Going to Zero: The Designers Looking to Cut Fashion Waste

Fact: It costs less money for clothing manufacturers to throw away the scraps from their cutting room floors than to recycle them. {NYTimes}

Fiction: Not a single designer in the world of fashion cares.

Though the Times says 15-20 percent of the fabric used to create clothing ends up in landfills, a “small but impassioned” group of designers including Mark Liu, Julian Roberts and Zandra Rhodes, in addition to students at Parsons, have dedicated themselves to working toward a “zero-waste” policy in fashion – meaning not a single scrap of fabric thrown out.

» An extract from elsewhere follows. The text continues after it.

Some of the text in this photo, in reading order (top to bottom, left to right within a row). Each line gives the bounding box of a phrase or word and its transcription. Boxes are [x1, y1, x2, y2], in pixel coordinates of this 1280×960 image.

Okay, so maybe it’s not a “movement” yet, but zero-waste is definitely beginning to garner some attention in the fashion industry. In a country where recycling programs have popped up for everything from water bottles to iPods, attention has turned to the greening of the fashion industry. Various companies have begun to create detergents that clean clothing in cold water and washers that work specifically with these cold-water detergents. But what about what happens to the garment pre-consumer, specifically in the design and production process?

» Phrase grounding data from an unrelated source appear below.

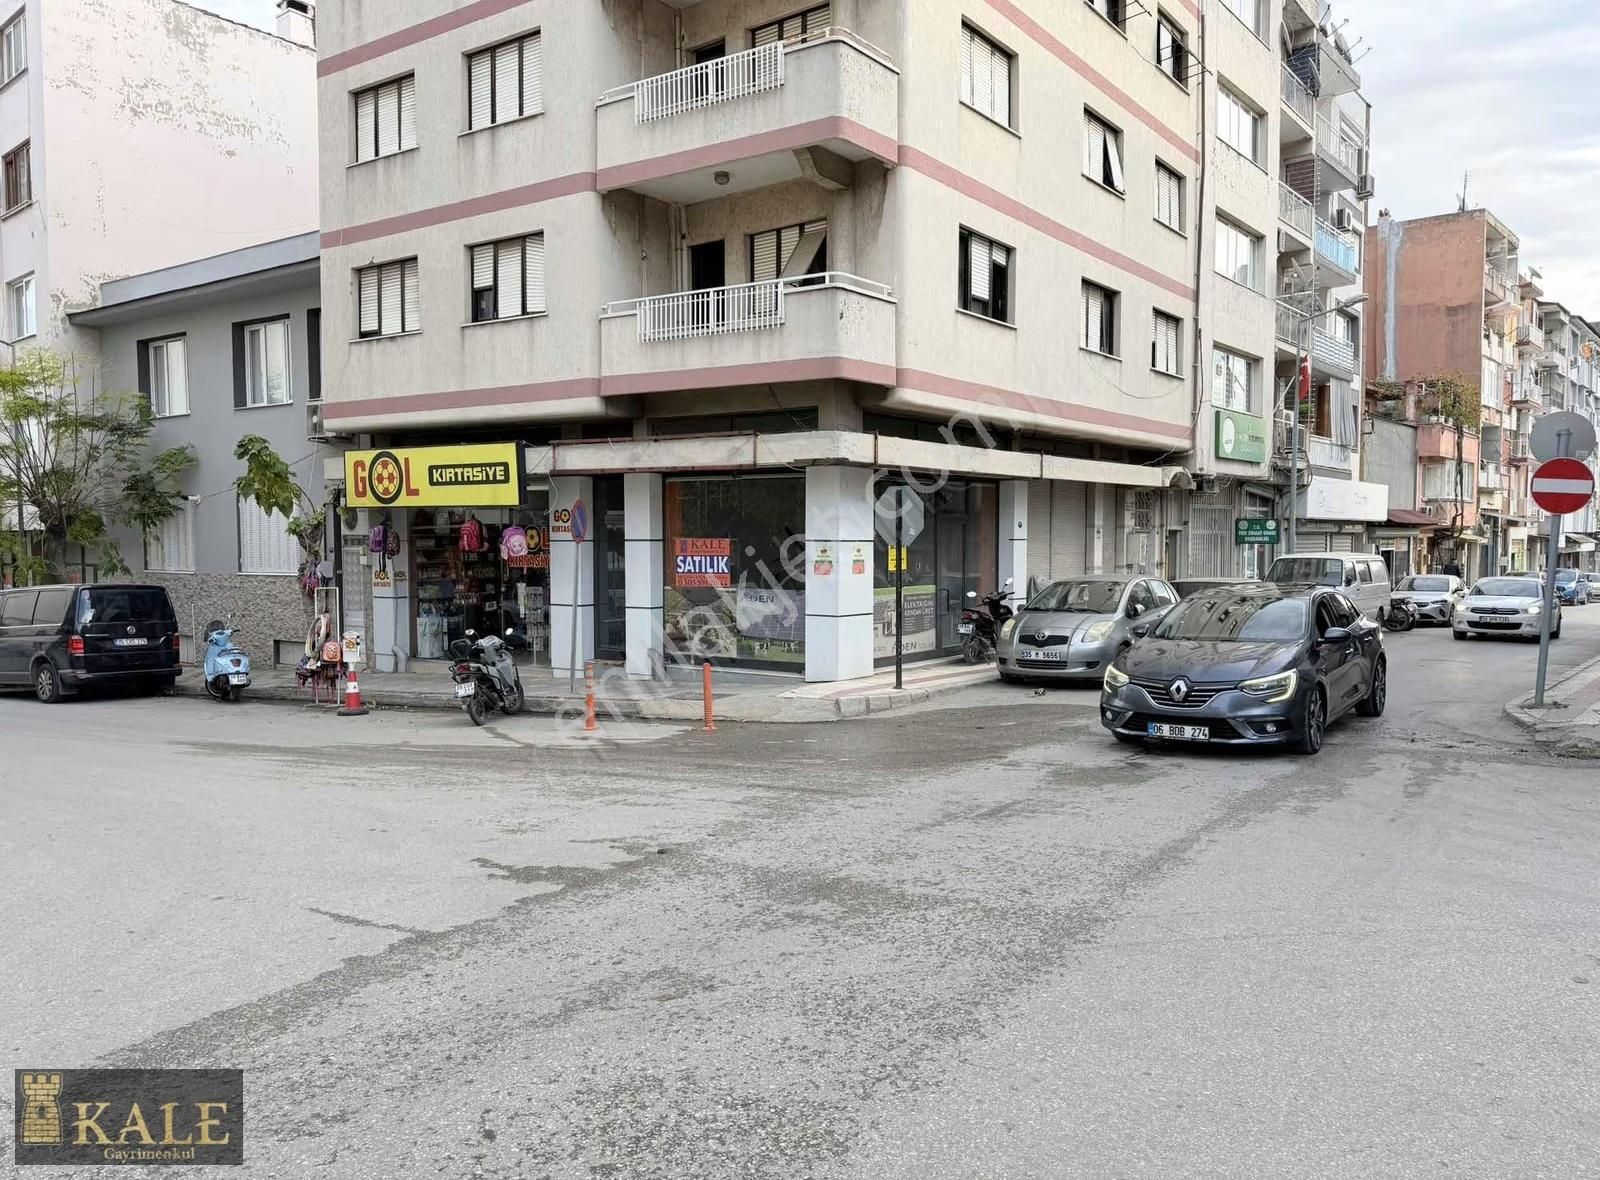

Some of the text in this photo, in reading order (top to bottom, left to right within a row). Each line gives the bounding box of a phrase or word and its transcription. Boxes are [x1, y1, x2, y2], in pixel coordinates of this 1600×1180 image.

[353, 450, 420, 505] GOL
[553, 508, 571, 523] GO
[691, 539, 726, 549] KALE
[676, 555, 729, 573] SATILIK
[1153, 724, 1208, 739] 06 BDB 274

A few creations by students of zero waste designer Julian Roberts

If you think zero-waste is too unrealistic, think again because the movement is heating up with events and supporters piling up. {The Cut}

“The book ‘Shaping Sustainable Fashion: Changing the Way We Make and Use Clothes’ by Alison Gwilt and Timo Rissanen, zero-waste pioneers, will be published in February by Earthscan. And an exhibition of zero-waste fashions, curated by Mr. Rissanen and another zero-waste designer, Holly McQuillan, will be held in New Zealand next spring and in New York the following fall. Also in March, an exhibition, ‘No Waste/Zero Waste’ will open at the Averill and Bernard Leviton A + D Gallery in Chicago, part of Columbia College Chicago.” {The New York Times}

The Cut points out that the mission is difficult because in order for no waste to result from manufacture, clothing producers will have to fit random scraps of fabric together perfectly on a regular basis.

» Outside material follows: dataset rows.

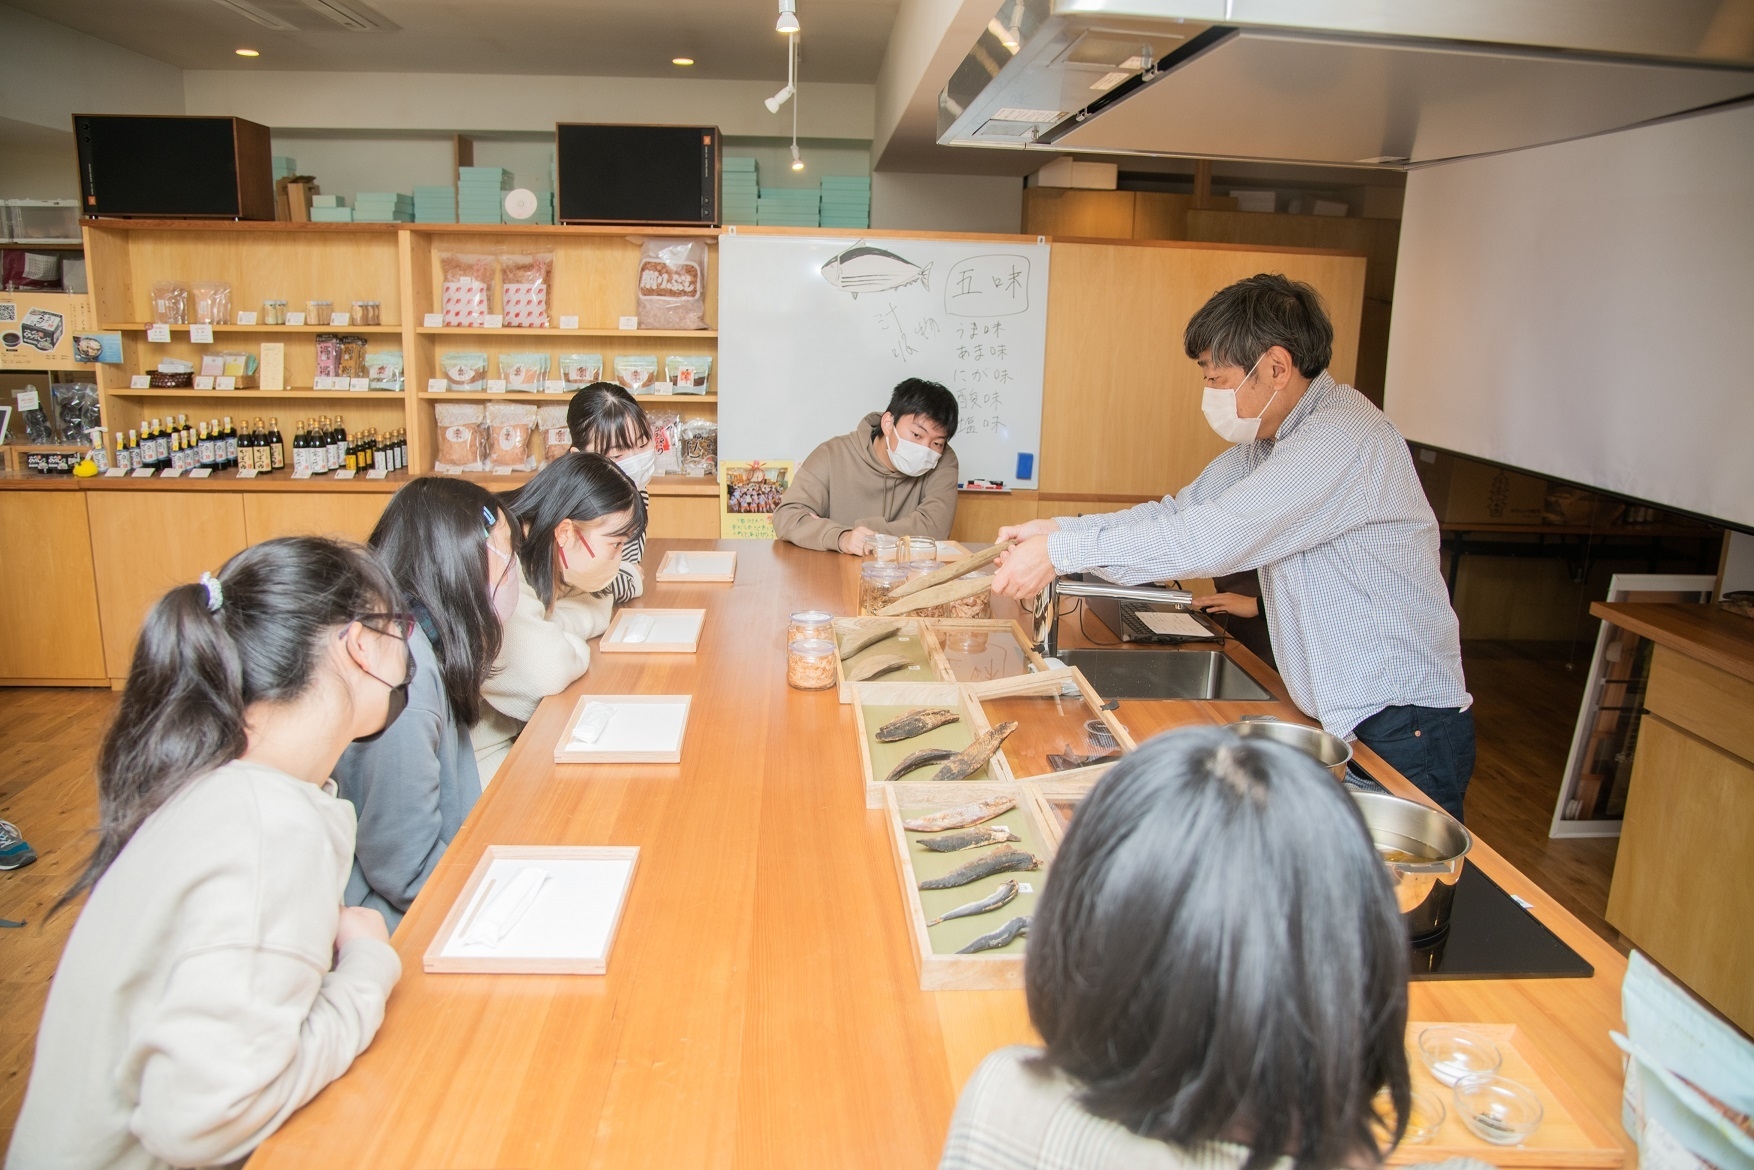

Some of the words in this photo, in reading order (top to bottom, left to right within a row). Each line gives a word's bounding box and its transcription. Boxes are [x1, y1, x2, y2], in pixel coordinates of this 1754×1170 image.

[641, 269, 694, 291] 削りぶし
[952, 264, 1022, 299] 五味
[956, 322, 1005, 340] うま味
[956, 344, 1008, 362] あま味
[953, 368, 1014, 383] にが味
[957, 388, 1004, 411] 酸味
[957, 415, 1007, 435] 塩味

Though zero-waste seems impractical, the idea of producing less waste in the first place rather than creating clothes from recycled scraps, as many eco-chic brands do, makes a whole lot of sense. It can be difficult to make irregular fabric pieces more couture than crafty, but in the right hands, the unique nature of each piece could even be a selling point. It would be great to see fashion get 100% behind zero-waste!